───── Source material

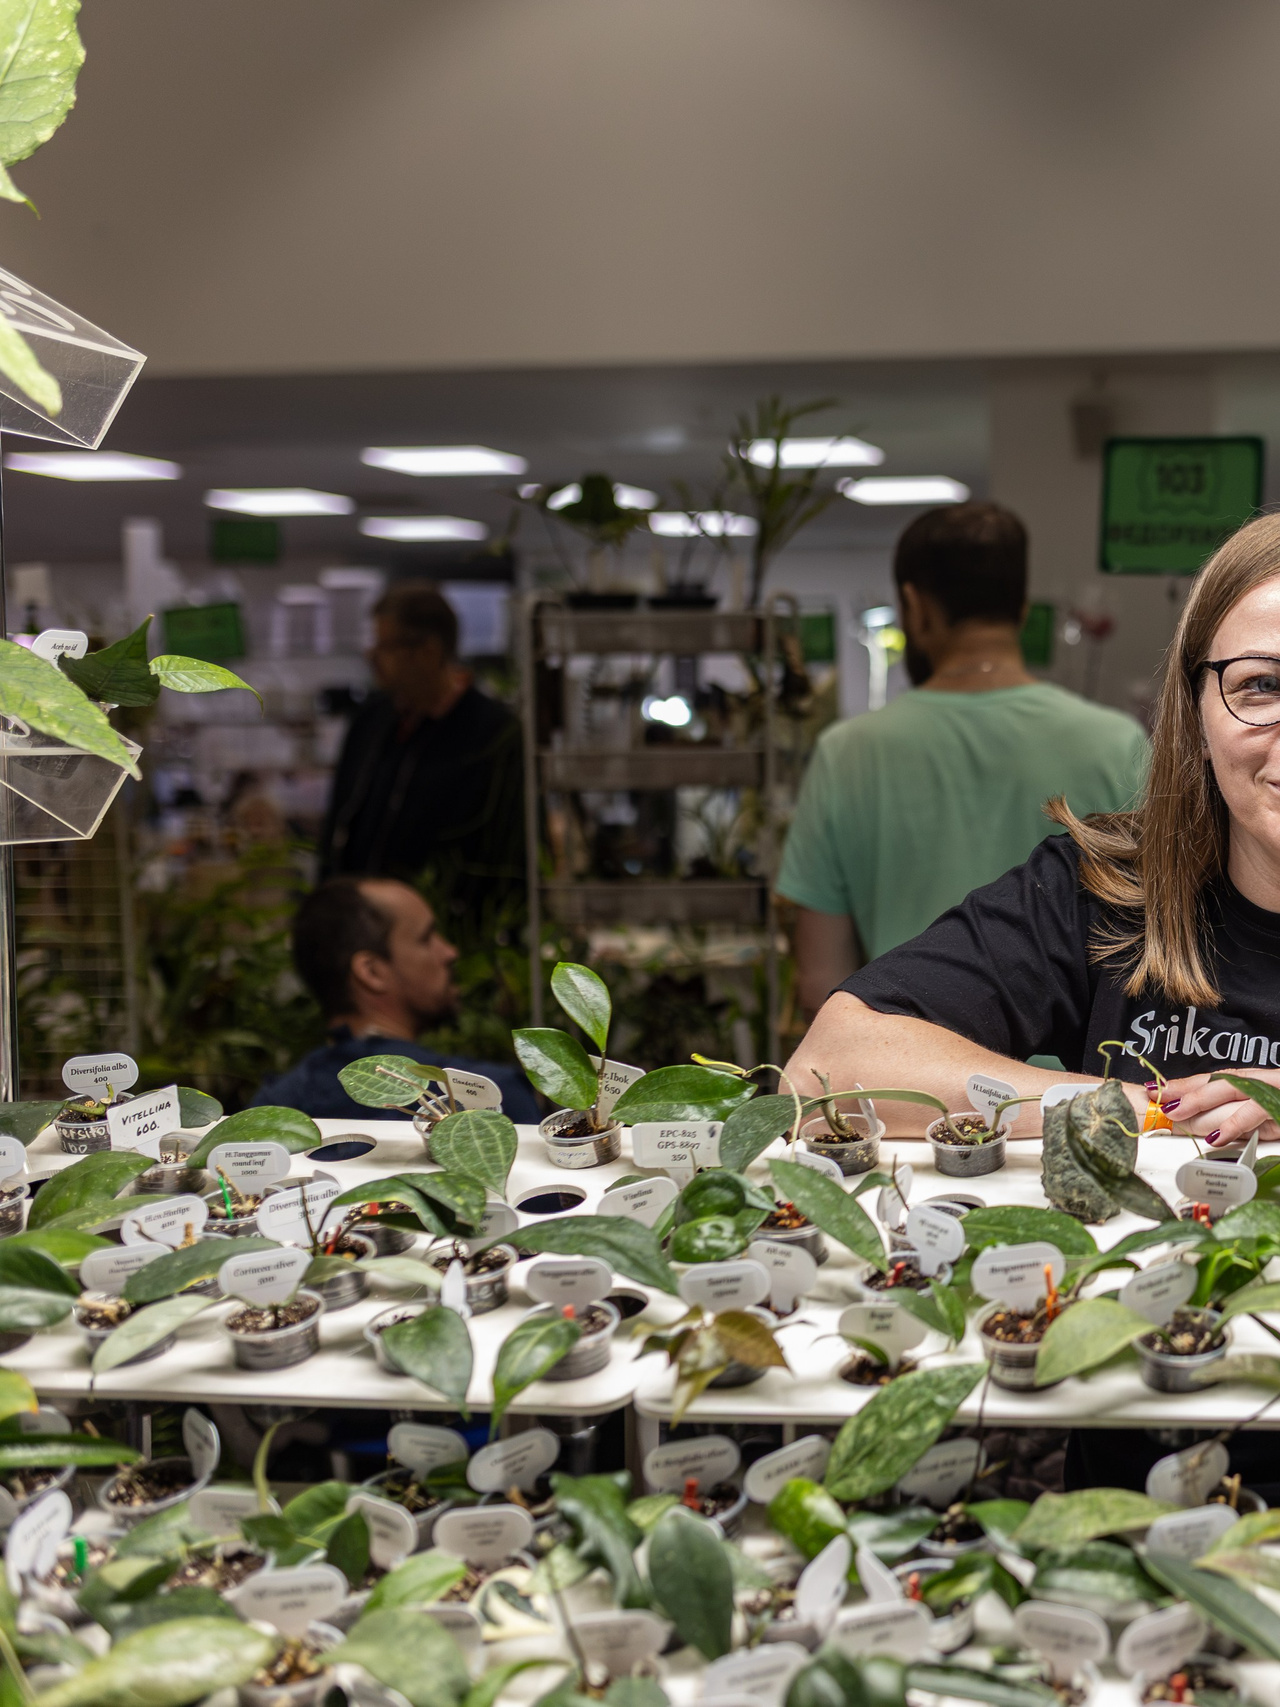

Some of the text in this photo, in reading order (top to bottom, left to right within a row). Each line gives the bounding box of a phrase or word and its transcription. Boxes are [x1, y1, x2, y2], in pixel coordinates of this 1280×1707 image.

[70, 1061, 128, 1076] Diversifolia albo
[93, 1075, 108, 1084] 400
[604, 1084, 621, 1096] 650
[121, 1100, 172, 1126] VITELLINA
[659, 1129, 697, 1139] EPC-825
[671, 1153, 687, 1162] 350
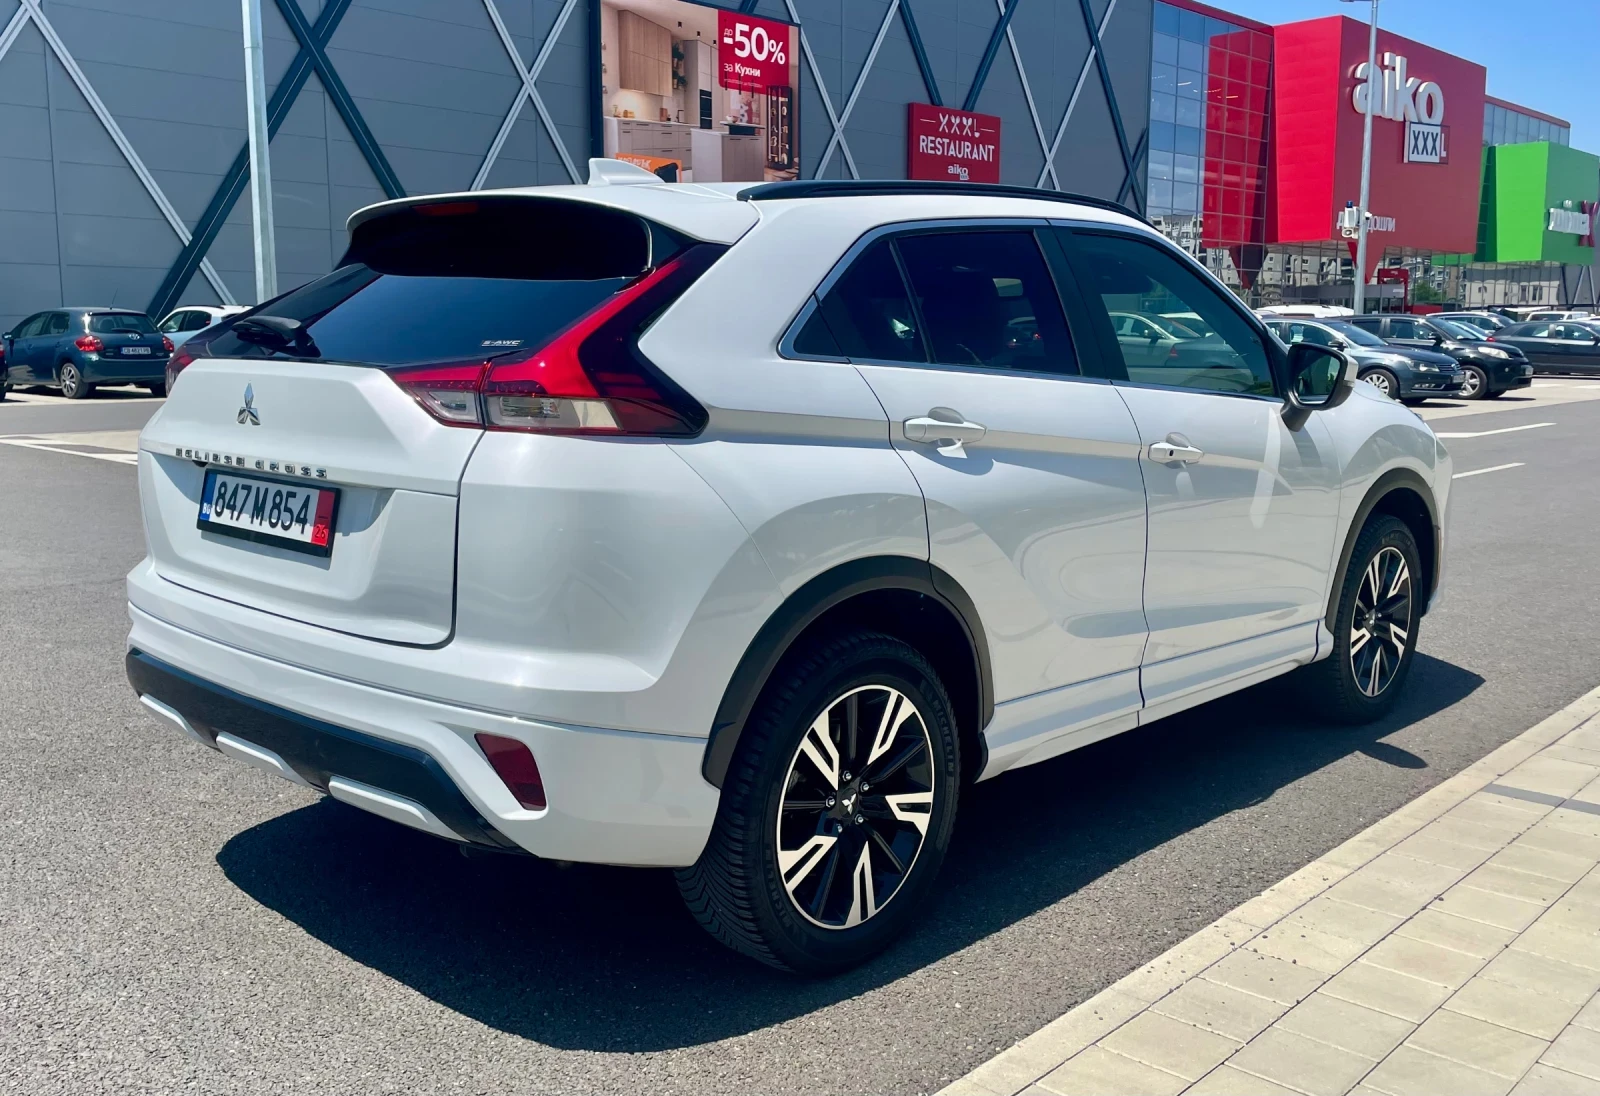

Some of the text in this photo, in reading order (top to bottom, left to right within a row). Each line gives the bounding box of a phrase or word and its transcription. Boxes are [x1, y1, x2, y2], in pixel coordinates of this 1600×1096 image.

[723, 22, 786, 65] -50%
[723, 63, 761, 77] за Кухни
[1352, 51, 1445, 125] aiko
[919, 134, 995, 162] RESTAURANT
[947, 163, 969, 176] aiko
[202, 503, 212, 515] BG
[314, 525, 327, 539] 26
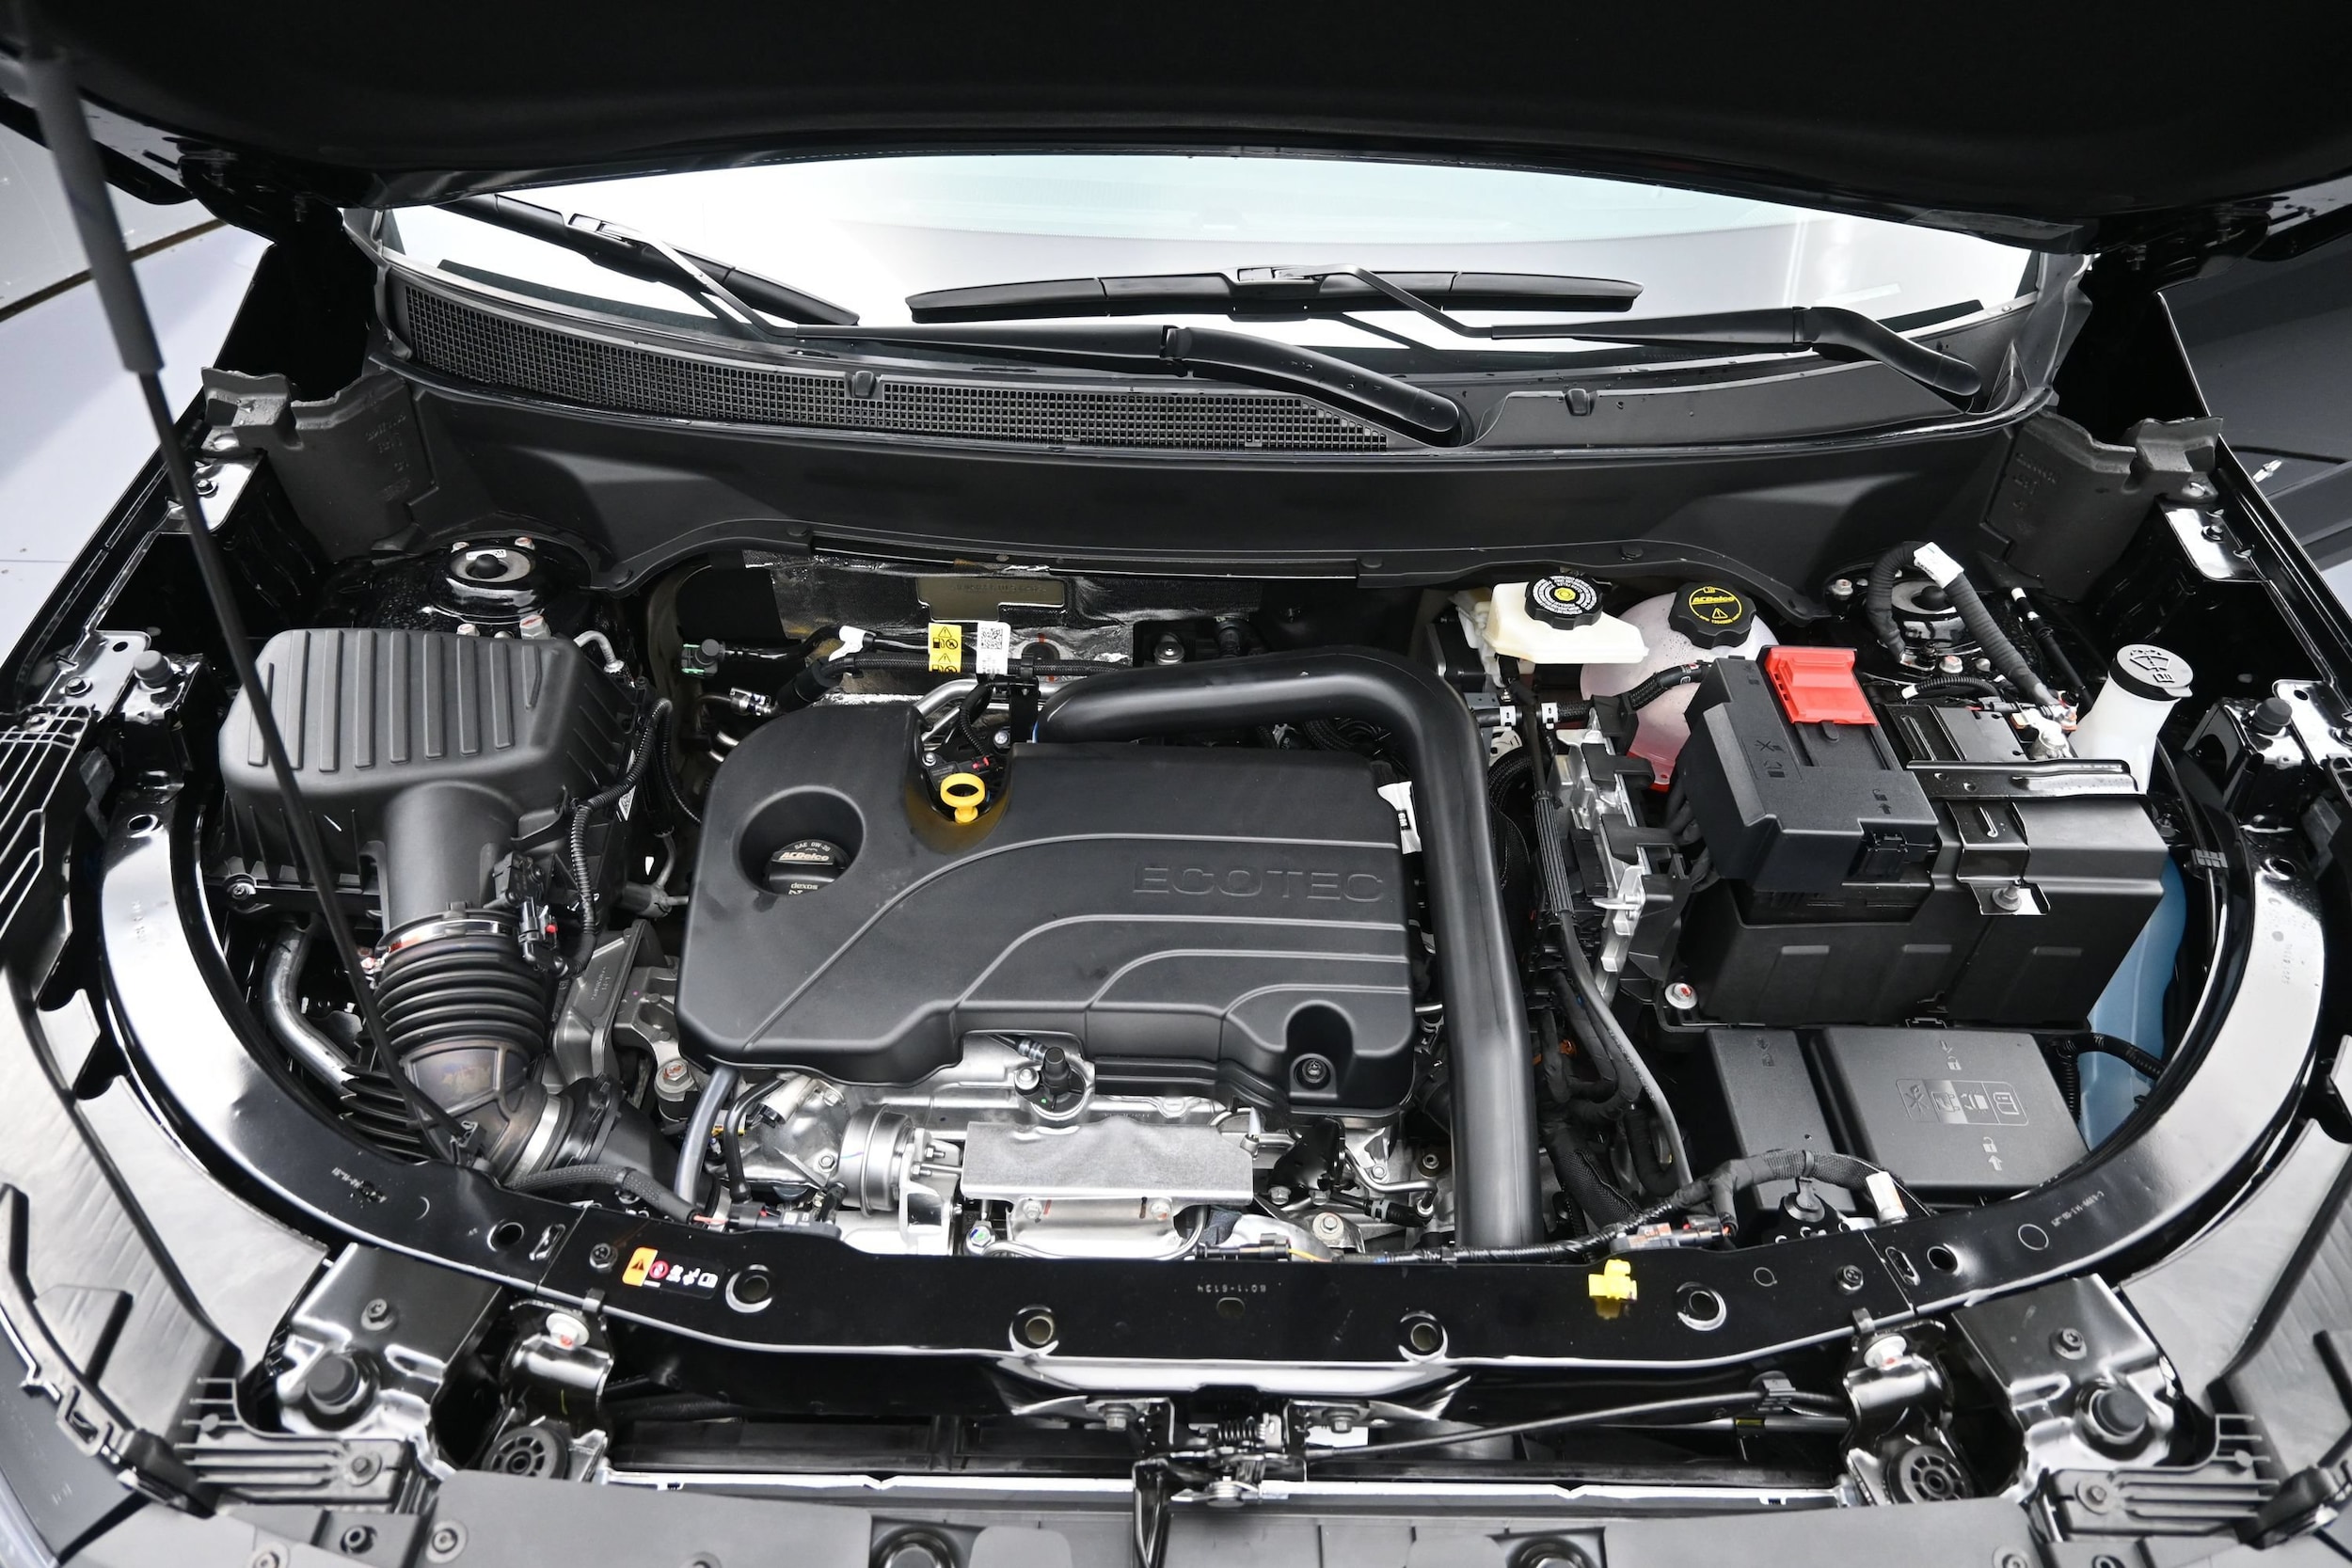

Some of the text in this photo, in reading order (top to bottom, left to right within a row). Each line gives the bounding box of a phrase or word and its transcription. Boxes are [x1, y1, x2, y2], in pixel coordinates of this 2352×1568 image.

[1398, 813, 1408, 827] GM
[794, 841, 832, 852] SAE 0W-20
[778, 851, 830, 862] ACDelco
[1133, 866, 1384, 903] ECOTEC

──────────

Task instructions:
Give the records back verbatim, pictures excluded.

Solution to this problem:
Some of the text in this photo, in reading order (top to bottom, left to right within a row). Each line gives the bounding box of a phrase or word and its transcription. Boxes are [x1, y1, x2, y2], in pixel coordinates of this 1280×1707 image.

[70, 1061, 128, 1076] Diversifolia albo
[93, 1075, 108, 1084] 400
[604, 1084, 621, 1096] 650
[121, 1100, 172, 1126] VITELLINA
[659, 1129, 697, 1139] EPC-825
[671, 1153, 687, 1162] 350

Some of the text in this photo, in reading order (top to bottom, left to right within a row). Each line gives the bounding box of a phrase or word and its transcription. Boxes are [x1, y1, x2, y2], in pixel coordinates of this 1600×1096 image.

[723, 22, 786, 65] -50%
[723, 63, 761, 77] за Кухни
[1352, 51, 1445, 125] aiko
[919, 134, 995, 162] RESTAURANT
[947, 163, 969, 176] aiko
[202, 503, 212, 515] BG
[314, 525, 327, 539] 26

Some of the text in this photo, in reading order (top to bottom, left to right within a row). Each line gives the bounding box of a phrase or word and its transcription. Boxes are [x1, y1, x2, y2], in pixel coordinates of this 2352×1568 image.

[1398, 813, 1408, 827] GM
[794, 841, 832, 852] SAE 0W-20
[778, 851, 830, 862] ACDelco
[1133, 866, 1384, 903] ECOTEC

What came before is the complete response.